_TASK STATEMENT_
A word-for-word copy of every entry below is required; the images do not belong in it.

- Opening Delimiter -

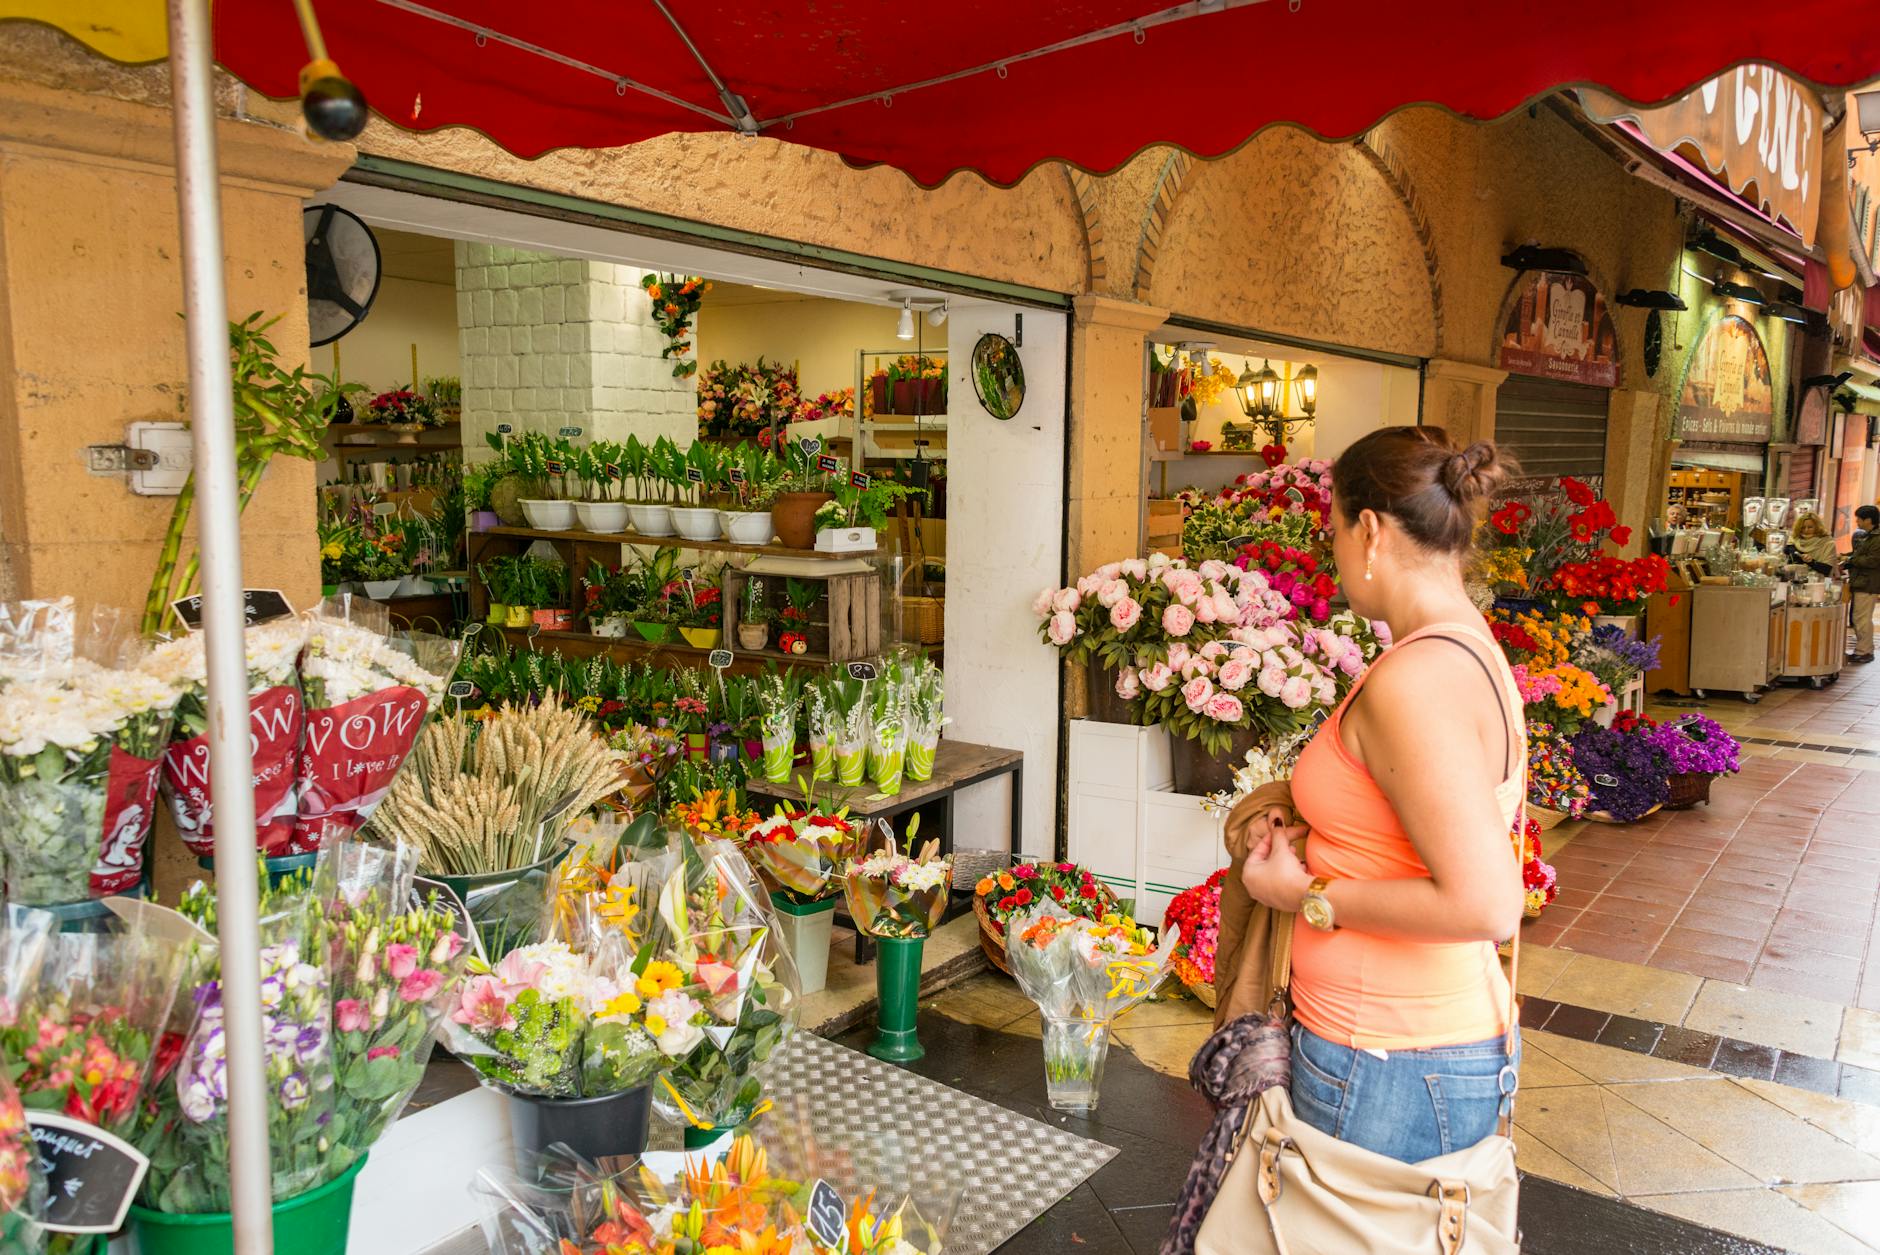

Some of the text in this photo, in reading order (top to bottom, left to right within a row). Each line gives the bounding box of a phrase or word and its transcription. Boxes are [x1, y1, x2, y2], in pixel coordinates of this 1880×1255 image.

[303, 699, 421, 757] WOW
[386, 754, 400, 770] it
[30, 1127, 105, 1160] ouquet
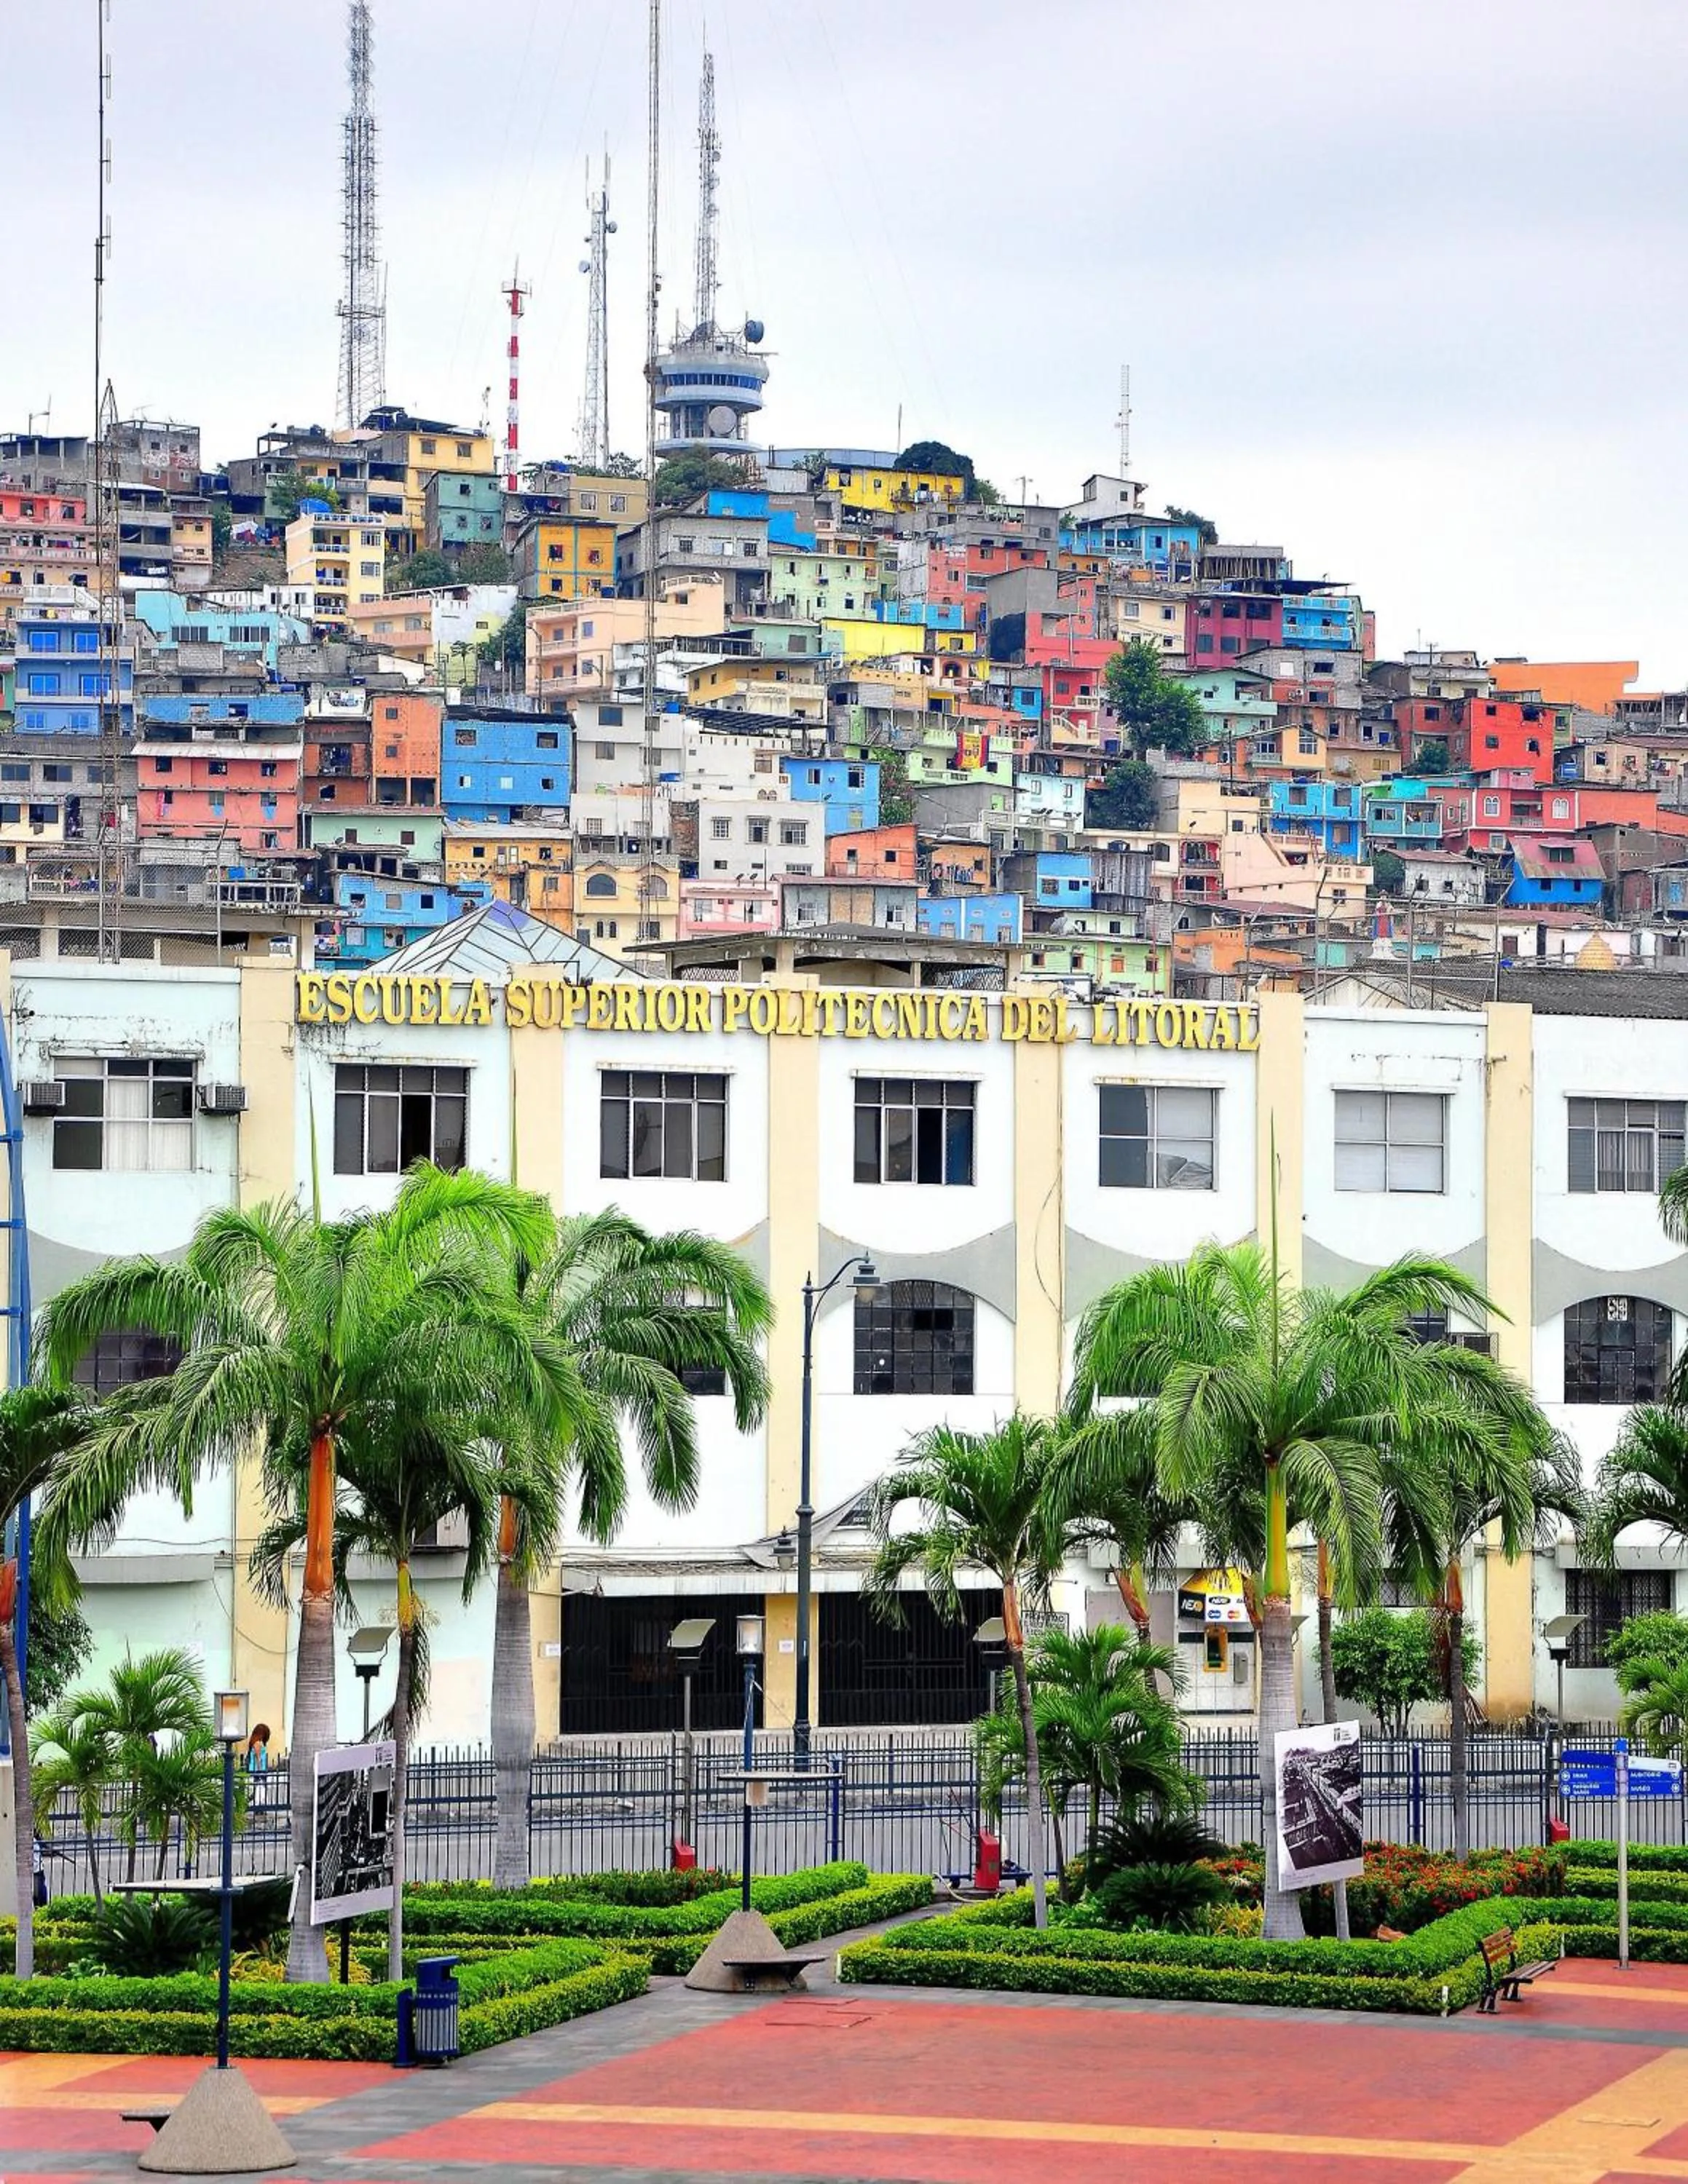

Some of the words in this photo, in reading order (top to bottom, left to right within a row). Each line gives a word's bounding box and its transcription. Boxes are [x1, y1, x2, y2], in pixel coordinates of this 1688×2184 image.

- Closing Delimiter -

_ANSWER TO THIS PROBLEM_
Some of the text in this photo, in reading order (top to bottom, left to right within a row). Each line gives the bounding box of a phrase or word and its transcription. Boxes are [x1, y1, x2, y2], in pixel coordinates of this 1880×1255 image.

[303, 699, 421, 757] WOW
[386, 754, 400, 770] it
[30, 1127, 105, 1160] ouquet

Some of the words in this photo, in reading order (top to bottom, left to right within a row). Each line gives a word's bounding box and its transcription. Boxes are [x1, y1, x2, y2], in pixel coordinates of this 1688×2184 image.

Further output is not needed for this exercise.